On May 10, 2025, Soaky Mountain Waterpark officially opened "Rafter's Rage", produced by WhiteWater West. It is a six-person raft ride that starts roughly eight stories in the air and spans 825 feet. The ride is capable of reaching speeds of up to 19 miles per hour.

==Local impact==
Wilderness at the Smokies stands as the largest tax contributor in the city of Sevierville. The resort also reinvests capital back into itself, typically creating new jobs for the community.
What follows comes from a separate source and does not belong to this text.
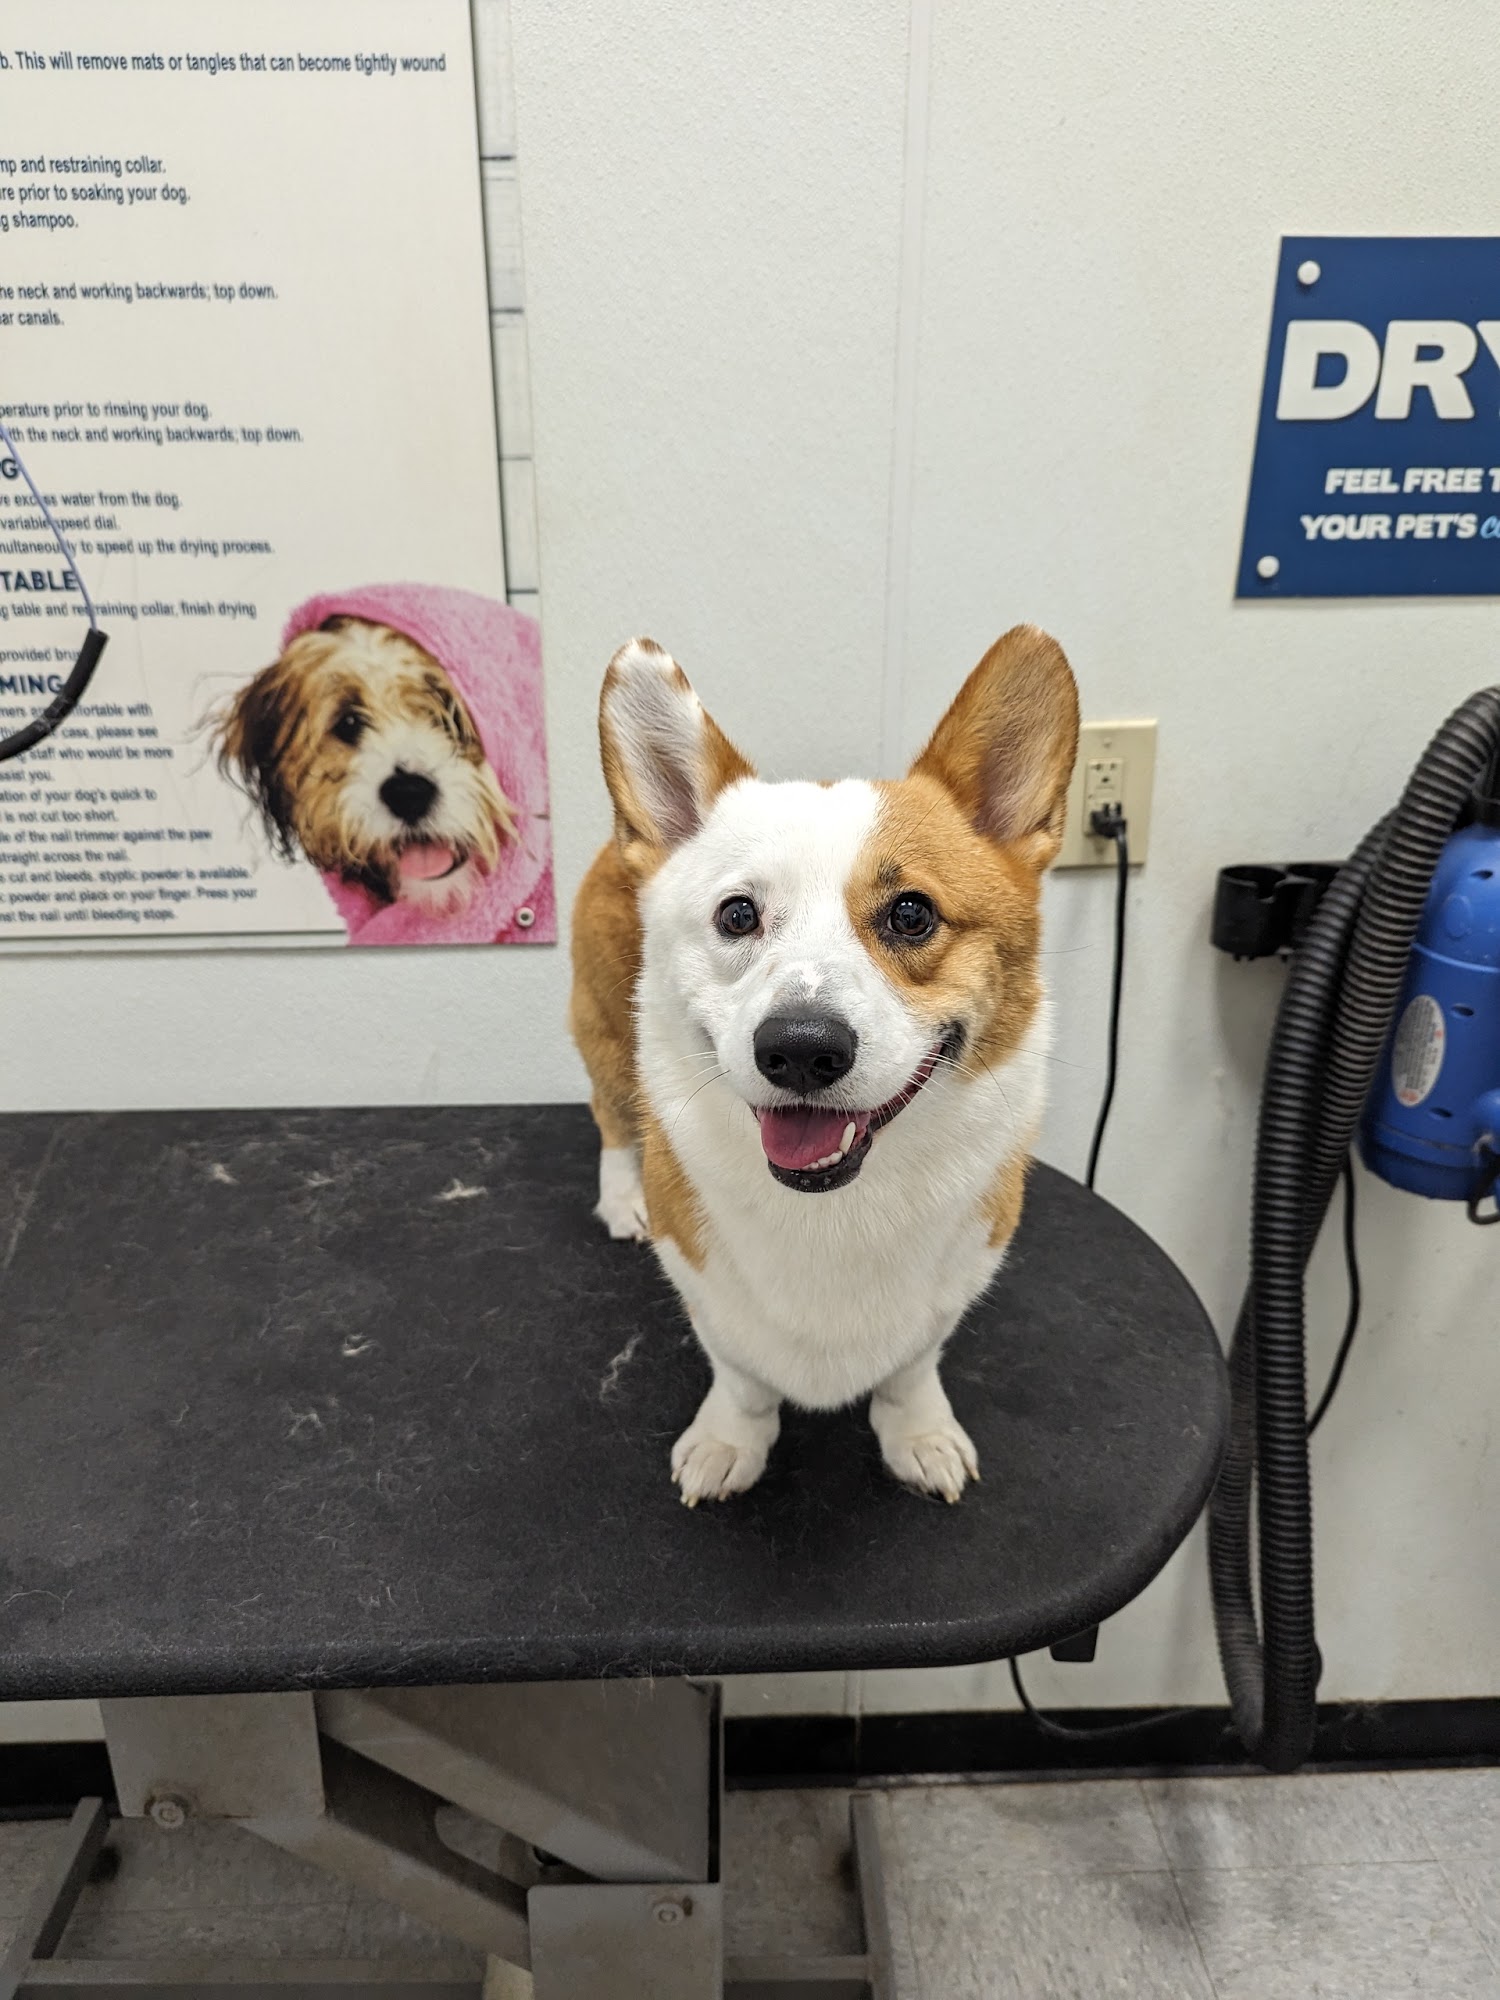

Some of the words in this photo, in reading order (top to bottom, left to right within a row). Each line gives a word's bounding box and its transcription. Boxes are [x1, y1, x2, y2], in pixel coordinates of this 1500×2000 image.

The resort is also the second largest tourism industry investor in Sevier County, placed right behind Dollywood.

==Waterparks==
===Wild WaterDome===
- 66000 sqft
- tan-through roof
- "The Great Wave" - 10,000 square foot wave pool
- "Storm Chaser"(ProSlide Tornado with lighting and sound effects)
- ”Ridge Runner”(WhiteWater West Master Blaster water coaster)
- ”Kaleidoscope Kavern”
- "Smokies Surf Rider" (Flowrider)
- "Washout Mountain" interactive multi-level water play structure with 500 USgal tipping bucket
- "Snapping Turtle Activity Pool" indoor/outdoor activity pool.
- "Magnollia Grove" indoor/outdoor hot tub
- "Trail Twisters Tube Slides" (two enclosed Proslide tube slides)
- "Runaway canyon" Proslide dark Mammoth style enclosed family raft ride with water curtains, more than 450 ft, five stories high, featuring a total drop of almost 60 ft, uses 800 USgal of water per minute.
- "Flying Squirrel Play Area" Toddler area with zero-depth entry, two small side-by-side slides, swing and bounce tree, teeter-totter, tree house that dumps water with a spray feature
- "Grizzly's Grill" Snack Bar
- "Dippin Dots" Stand

===Salamander Springs===
- 65000 sqft.
- "The Timber Rattler," a 207 ft tube slide.
- "The River Otter," a 180 ft body slide.
- "Lunker's Landing," an interactive water play structure with 3 slides, tipping bucket, and play-and-spray features.
- "Catfish Corral" activity pool with three basketball hoops.
- "Minnow Marsh," a kiddie zero-depth entry pool.
- "Wildflower Lagoon" hot tub.
- "Cyote Cove" snack bar.
- Back Country arcade and game room.

===Lake Wilderness===
- 5 acre in size.
- "Washout Wilderness Rapids" wave pool.
- "Catalooche Creek Adventure River" (752 ft lazy river).
- "Smoky Mountain Crossing Cabanas" (private poolside cabanas).
- "Catalooche Creek Adventure Golf".
- "The Wall" waterslide.
- Treehouse Springs- A Kids Water Play Area
- Cyclone Racers- 4 Lane Racing Mat Slides
- Wild Vortex- Drop Pod Looping Waterslide

===Soaky Mountain===
- American Racer's Rush; A tube slide colored to those of the American Flag.
- Avalaunch; Water coaster with four RocketBlast uphill sections, four saucers, and a final half pipe.
- Black Bear Rapids; Adventure river.
- Blue Mountain Mayhem; A 5-person raft slide with two giant wall elements.
- Boomer's Bay; Collection of children's slides, in many cases miniatures of other attractions.
- Copperhead Clash; A pair of tube slides that race each other through side-by-side sections.
- Cottonmouth Coils; A tube slide with three tight helixes.
- Coyote Springs; Relaxed pool area.
- Hang 10essee; Flowrider.
- Rafter's Rage; A 6-person raft slide featuring WhiteWater West's first-ever Wall Runner zero-gravity curves.
- Rainbow Revenge; A 5-person raft slide featuring multicolored interiors and three saucers.
- Slippery Slamanders; Inflatable obstacle course.
- Soaky Surge; 35,000 square foot wave pool.
- Splash & Furious; A four-lane mat racer.
- The Edge; Duelling master blaster water coasters with transparent half pipe finales.
- The Hive; A water play structure with several slides and features.
- Timber Rattler's Rage; A tube slide with a trio of funnels.
- Whoop & Holler; A pair of thrilling body slides, one of which utilizes a trapdoor capsule and two helixes and the other a steep drop.

==Wilderness Rafting==
- In May 2010 Wilderness Rafting was added.

==Hotels==

River Lodge
A condominium resort with multi-room suites, the hotel is connected to the Lake Wilderness outdoor waterpark and Wild WaterDome indoor water park.

Stone Hill Lodge
The hotel is connected to the Salamander Springs outdoor waterpark and the Sevierville events center. The Stone Hill Lodge has meeting spaces and four-person standard rooms.